Portland, Oregon’s House Spirits Distillery has released this new barrel-aged gin ($50) that’s currently only available at the distillery’s tasting room but set to hit markets around the country later this year. The distillery has taken its excellent, dry Aviation American gin and aged it in first-fill Westward Oregon straight malt whiskey barrels for a year. The color is a light yellowish-brown, and the flavor is citrusy, juniper-forward, mild and slightly sweet. This gin drinks well in any cocktail but is especially good on the rocks.
This new limited-release gin ($40) from Louisville’s Copper & Kings distillery, an operation that’s better known for making brandy in the heart of whiskey country, is the oddest of the bunch, but it’s adventurous and unique Alley Cat is another barrel-aged gin—22 months in a Kentucky bourbon barrel—but this particular spirit has an apple brandy base. The liquid is creamy and piney, with hints of citrus and apple popping through. While you can definitely use this in a cocktail, it seems almost a waste not to drink this liqueur-like spirit neat.
Woody Creek Distillers touts its Colorado gin ($37) as being a combination of classic London dry and what it calls New World gin. That’s an accurate assessment, as this potato-based spirit is infused with juniper, lemongrass, coriander, lavender and cranberries, among other botanicals. It’s a lovely dry gin that still has a refreshingly floral character layered underneath the slight spice. The Rocky Mountain State has truly come into its own as a distilling destination, and Woody Creek is keeping pace with the competition.
Yet another barrel-aged gin has hit the scene, this time from Chicago’s all-organic-everything distillery, Koval Distillery (kosher-certified, by the way), for $50. This is the same as the distillery’s dry gin, but it’s been sitting in Koval whiskey barrels for about six months.
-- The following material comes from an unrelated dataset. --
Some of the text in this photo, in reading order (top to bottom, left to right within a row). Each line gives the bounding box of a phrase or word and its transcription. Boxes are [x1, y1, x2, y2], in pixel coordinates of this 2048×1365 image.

As is the case with most barrel-aged gin, the result is subtle but notable, with a hint of wood and sweetness that complements the inherent floral notes quite nicely. For now, it’s only available in Illinois, but market expansion is on the horizon.
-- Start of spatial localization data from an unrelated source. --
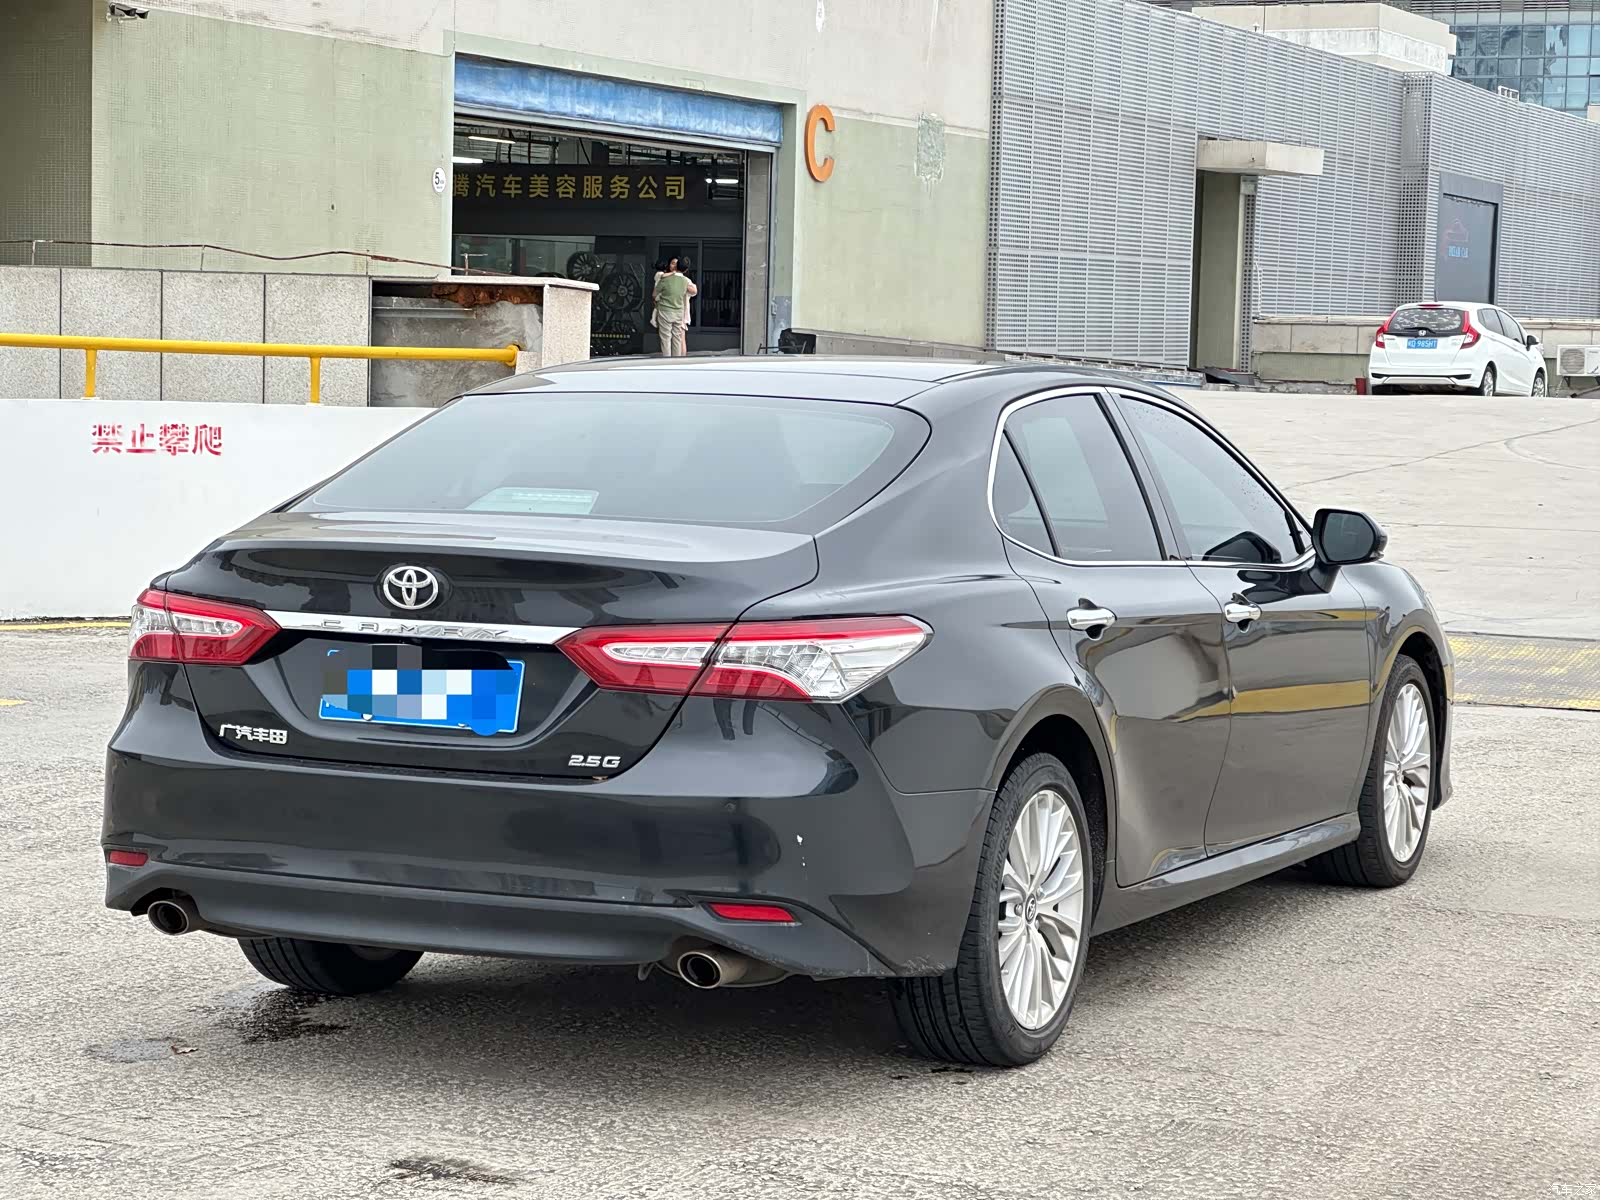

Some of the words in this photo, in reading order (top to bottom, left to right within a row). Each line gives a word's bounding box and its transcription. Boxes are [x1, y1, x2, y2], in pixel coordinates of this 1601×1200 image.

[804, 104, 836, 183] C
[453, 173, 686, 200] 腾汽车美容服务公司
[92, 423, 222, 456] 禁止攀爬
[321, 619, 509, 638] CAMRY
[219, 724, 288, 745] 广汽丰田
Boston’s Bully Boy Distillers is New England proud and as such has created a new gin ($25) that’s built upon an apple base. Neutral grain spirit is blended with apple spirit, which is distilled from fellow Massachusetts cohorts’ Stormalong Cider. For flavoring, along with juniper, the distillery adds pink peppercorn and hibiscus. The building blocks here are traditional; the methodology and end result are not. But the gin is bold, tasty and full of local New England character.
FEW Spirits’ new Breakfast gin ($40) seems destined to make morning drinking socially acceptable beyond the brunch Bloody Mary and Mimosa. Perhaps that’s an exaggeration (or wishful thinking, depending on your stamina for day drinking), but this Earl Grey–tea-infused gin is light, fragrant and bright, perfectly suited for a classic Martini or more modern cocktail. Lemon peel and juniper also jump out, which makes sense, as those are the other botanicals used to flavor the spirit.